Upon graduation, if a black student wanted to continue their education, they had two choices: 1) go and live with a relative where an all-black high school was available, or 2) ride the school bus an additional 25 miles to Fort Myers to attend all-black Dunbar High School, passing right by Charlotte High School on the way. To participate in extra-curricular activities at Dunbar, a student had to find their own way home, paying for public transportation, or staying overnight with a family in Fort Myers. For black students living on Boca Grande, it was a long day. They had to catch the ferry at 5am, then the school bus to Punta Gorda and on to Fort Myers, returning back home around 8pm each night.
The Supreme Court outlawed segregation in 1954 (Brown v Board of Education), but Florida, for the most part, was in no hurry to comply. By the early 1960’s, only a few schools in the state had integrated, initially accepting a few black students.
In 1962, a group of local black leaders, led by Bessie Bryant, formed a committee to address the busing of black students to Dunbar and lobby the Charlotte County school board for a better solution. On July 10, 1963, the school board passed a motion “to establish a complete high school at Baker Academy for the 1964-65 school year.” This met with resistance from many including Englewood black residents who wanted their children to attend Lemon Bay schools and not have to continue to travel to Punta Gorda.
At a special meeting of the board on July 15th, a motion was approved to “make a study to determine the feasibility of enrolling students from Charlotte County now attending Dunbar High School in Fort Myers in Charlotte High School. The first step in the study shall be to meet with a committee from Baker Academy.” Discussions continued behind the scenes between the committee and Superintendent Hancock to create a plan for a smooth integration.

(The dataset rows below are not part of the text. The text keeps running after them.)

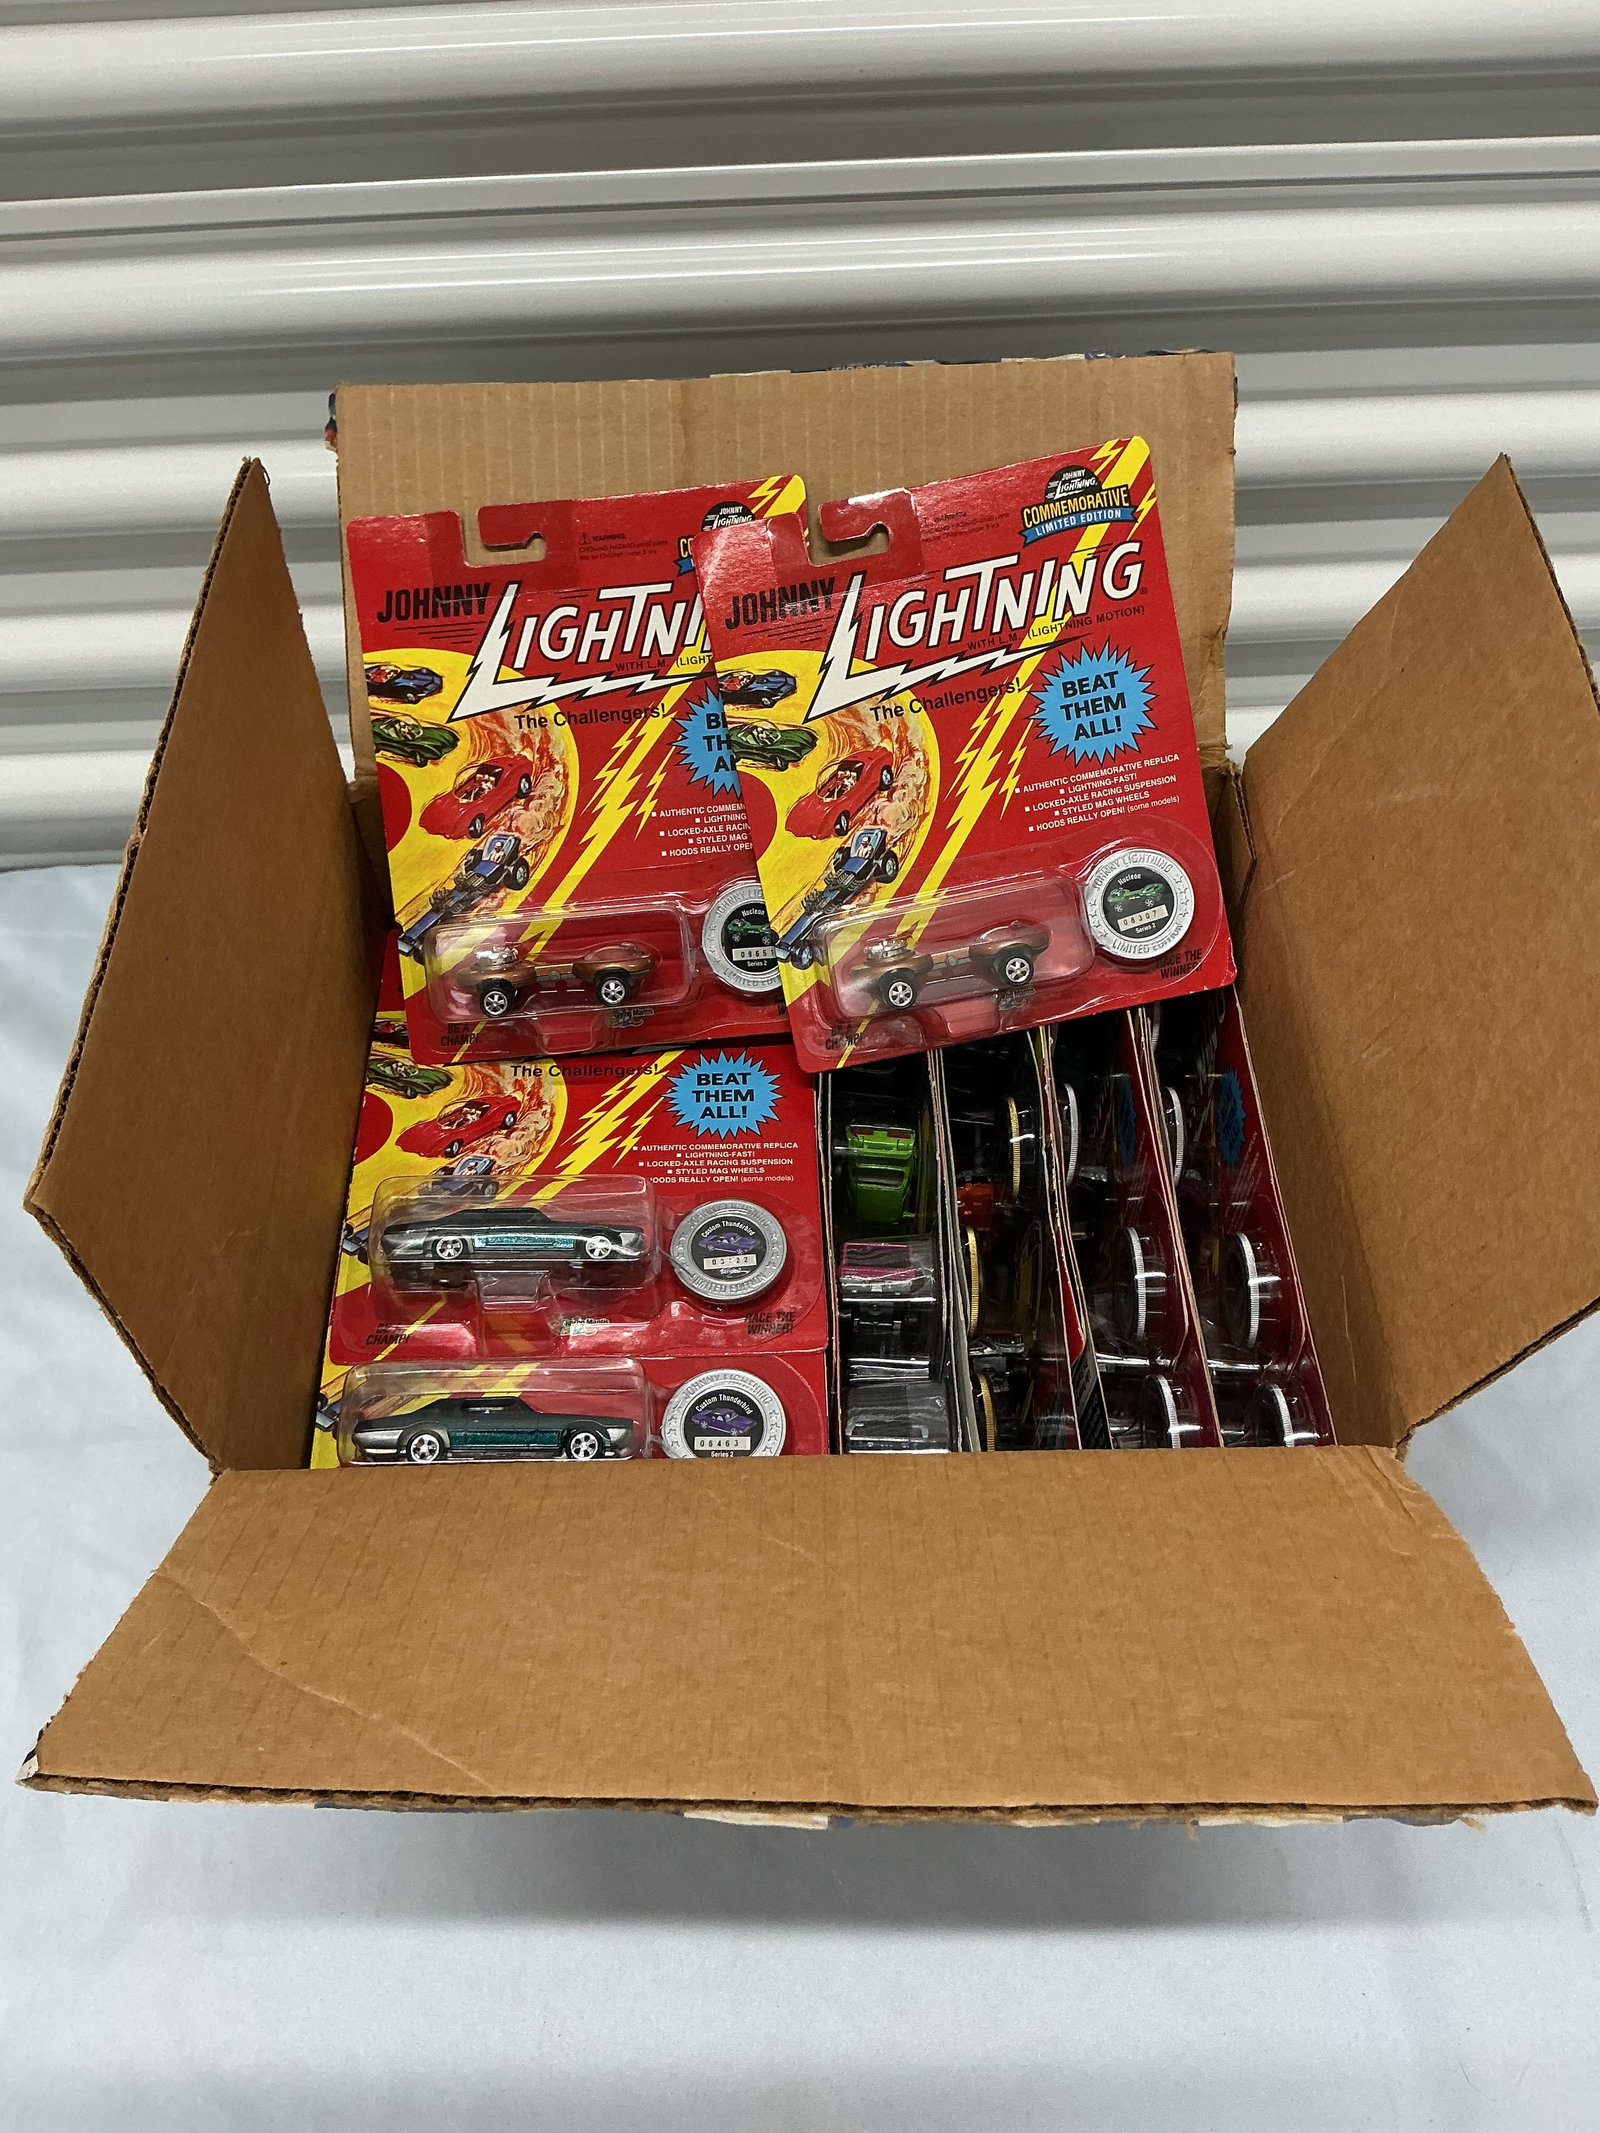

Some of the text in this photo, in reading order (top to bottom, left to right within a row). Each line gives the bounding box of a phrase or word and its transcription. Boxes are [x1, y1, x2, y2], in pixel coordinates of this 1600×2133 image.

[1061, 469, 1086, 480] JOHNNY
[1054, 477, 1096, 500] LIGHTNING
[719, 505, 743, 515] JOHNNY
[1022, 486, 1129, 528] COMMEMORATIVE
[1035, 509, 1121, 536] LIMITED EDITION
[377, 582, 491, 623] JOHNNY
[724, 543, 1144, 725] JOHNNY LIGHTNING
[967, 637, 998, 650] WITH
[1027, 617, 1093, 641] (LIGHTNING
[1095, 604, 1145, 623] MOTION)
[615, 660, 644, 672] WITH
[1061, 670, 1119, 699] BEAT
[869, 678, 1023, 721] The Challengers!
[1060, 692, 1127, 721] THEM
[514, 703, 667, 730] The Challengers!
[1073, 716, 1122, 741] ALL!
[1023, 753, 1180, 793] AUTHENTIC COMMEMORATIVE REPLICA
[1067, 772, 1138, 794] LIGHTNING-FAST!
[1032, 774, 1177, 812] LOCKED-AXLE RACING SUSPENSION
[1062, 790, 1150, 816] STYLED MAG WHEELS
[659, 806, 705, 818] AUTHENTIC
[1036, 795, 1180, 832] HOODS REALLY OPEN! (some models)
[667, 825, 725, 837] LOCKED-AXLE
[696, 832, 748, 845] STYLED MAG
[669, 847, 699, 857] HOODS
[699, 844, 732, 854] REALLY
[1092, 853, 1174, 891] JOHNNY LIGHTNING
[715, 891, 745, 918] JOHNNY
[1135, 924, 1152, 933] Series
[1112, 938, 1150, 954] LIMITED
[1184, 948, 1203, 961] THE
[511, 1063, 659, 1079] The Challengers!
[696, 1071, 752, 1086] BEAT
[691, 1088, 755, 1103] THEM
[699, 1105, 748, 1119] ALL!
[641, 1144, 687, 1152] AUTHENTIC
[689, 1142, 762, 1151] COMMEMORATIVE
[685, 1151, 755, 1159] LIGHTNING-FAST!
[646, 1160, 705, 1168] LOCKED-AXLE
[740, 1158, 793, 1166] SUSPENSION
[650, 1176, 677, 1184] OODS
[713, 1175, 739, 1183] OPEN!
[740, 1175, 763, 1183] (some
[765, 1174, 794, 1182] models)
[701, 1220, 756, 1238] Custom Thunderbird
[745, 1312, 773, 1323] RACE
[366, 1333, 409, 1345] CHAMP!
[695, 1393, 753, 1415] Custom Thunderbird

At a special meeting of the board on August 7th, the Board created the Public Assignment Resolution that included provisions such as the board must “provide for the enrollment in a public school in the County of each child residing therein.” The resolution was approved at the regular board meeting on August 14th.
The committee urged local black families to submit applications for their children to attend CHS for the 1963-64 school year. Sixteen applications were received, and those students were subsequently interviewed and tested for competency.

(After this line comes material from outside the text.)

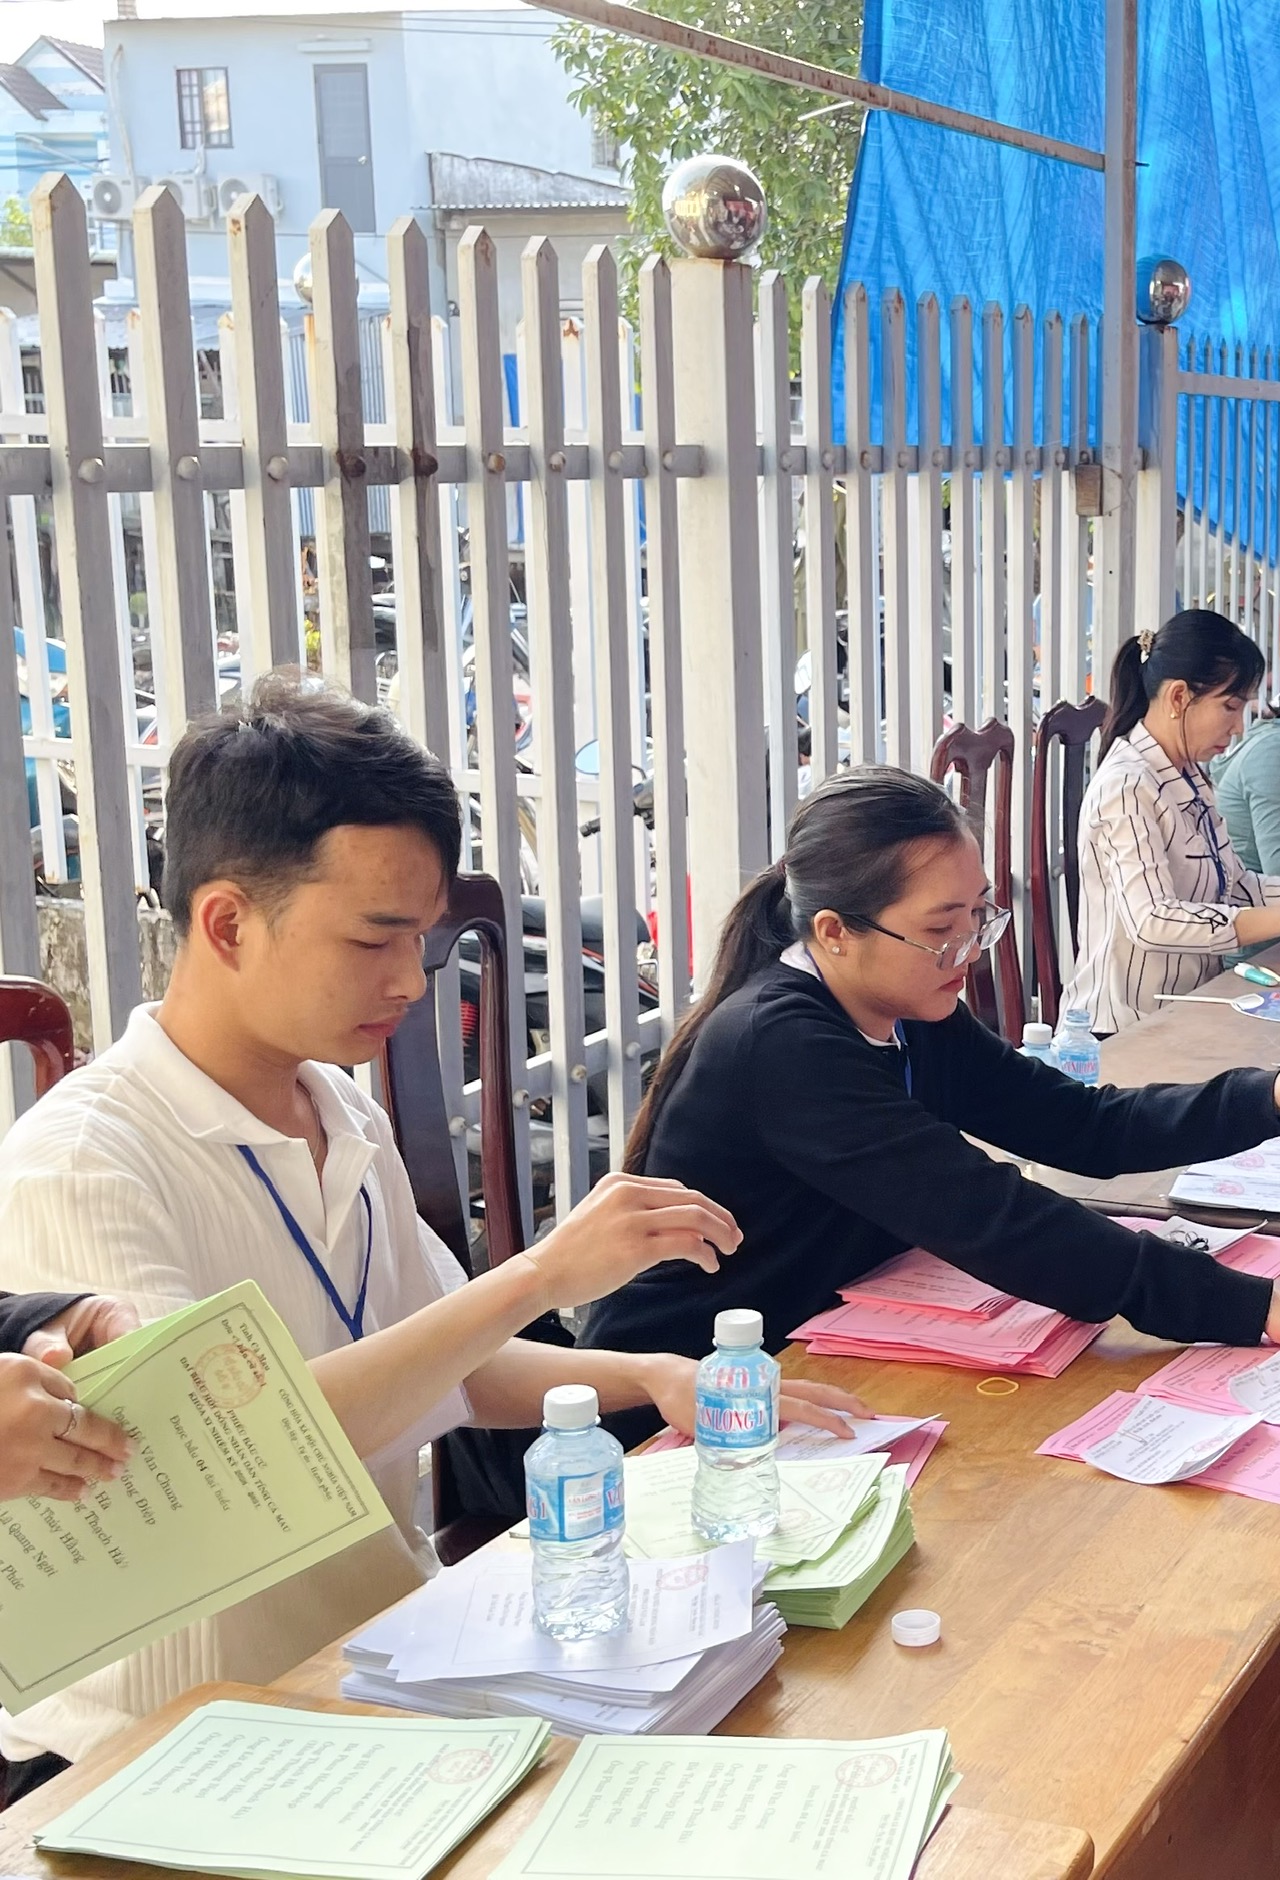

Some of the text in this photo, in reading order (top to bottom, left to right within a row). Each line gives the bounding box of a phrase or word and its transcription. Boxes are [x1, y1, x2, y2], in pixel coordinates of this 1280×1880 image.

[714, 1407, 754, 1432] LONG
[153, 1469, 185, 1512] Chung
[5, 1520, 37, 1556] Quang

At a special board meeting on August 26th, a motion was approved “that the following pupils who applied for reassignment to Charlotte Senior High School be accepted on the basis of their academic and scholastic record tentative to a personal interview on August 29, 1963, at 8:00pm: Gertha Haddock, Minnie Lee Mitchell, Isaac Thomas, Jr., Dan Ronald Middleton, Felix Johnson.” Nine applicants were rejected based on their academic and scholastic record and another two for lack of residency and lack of hardship issues.

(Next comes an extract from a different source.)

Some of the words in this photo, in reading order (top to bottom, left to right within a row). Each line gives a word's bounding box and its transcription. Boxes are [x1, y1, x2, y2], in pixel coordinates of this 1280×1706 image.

At the special meeting the evening of August 29th, the board approved a motion to assign the five students to CHS for the 1963-64 school year.
On the opening day of the school year, September 3rd, the five students were driven to Charlotte High by Isaac Thomas Sr., parking at the front of the school on Cooper Street. The sidewalks were lined with students, and adults watched from across the street. Isaac Sr. and several other black adults from the community escorted the students as they walked up to the front door, turned left, and entered through the side door, which was the main entrance at the time (shown here).
No incidents occurred so the police force present at the time left shortly after the students entered the school. “I am extremely proud of both our student body and the citizens of our community. It was just like any other first day of school we have experienced in the past,” remarked Superintendent Hancock when interviewed by the local newspaper that day.
Panel 5 of the new Local Black History mural attempts to capture the scene on that Tuesday morning in September 1963, when five brave young students integrated CHS. Their efforts led to the eventual desegregation of all Charlotte County schools over the next several years.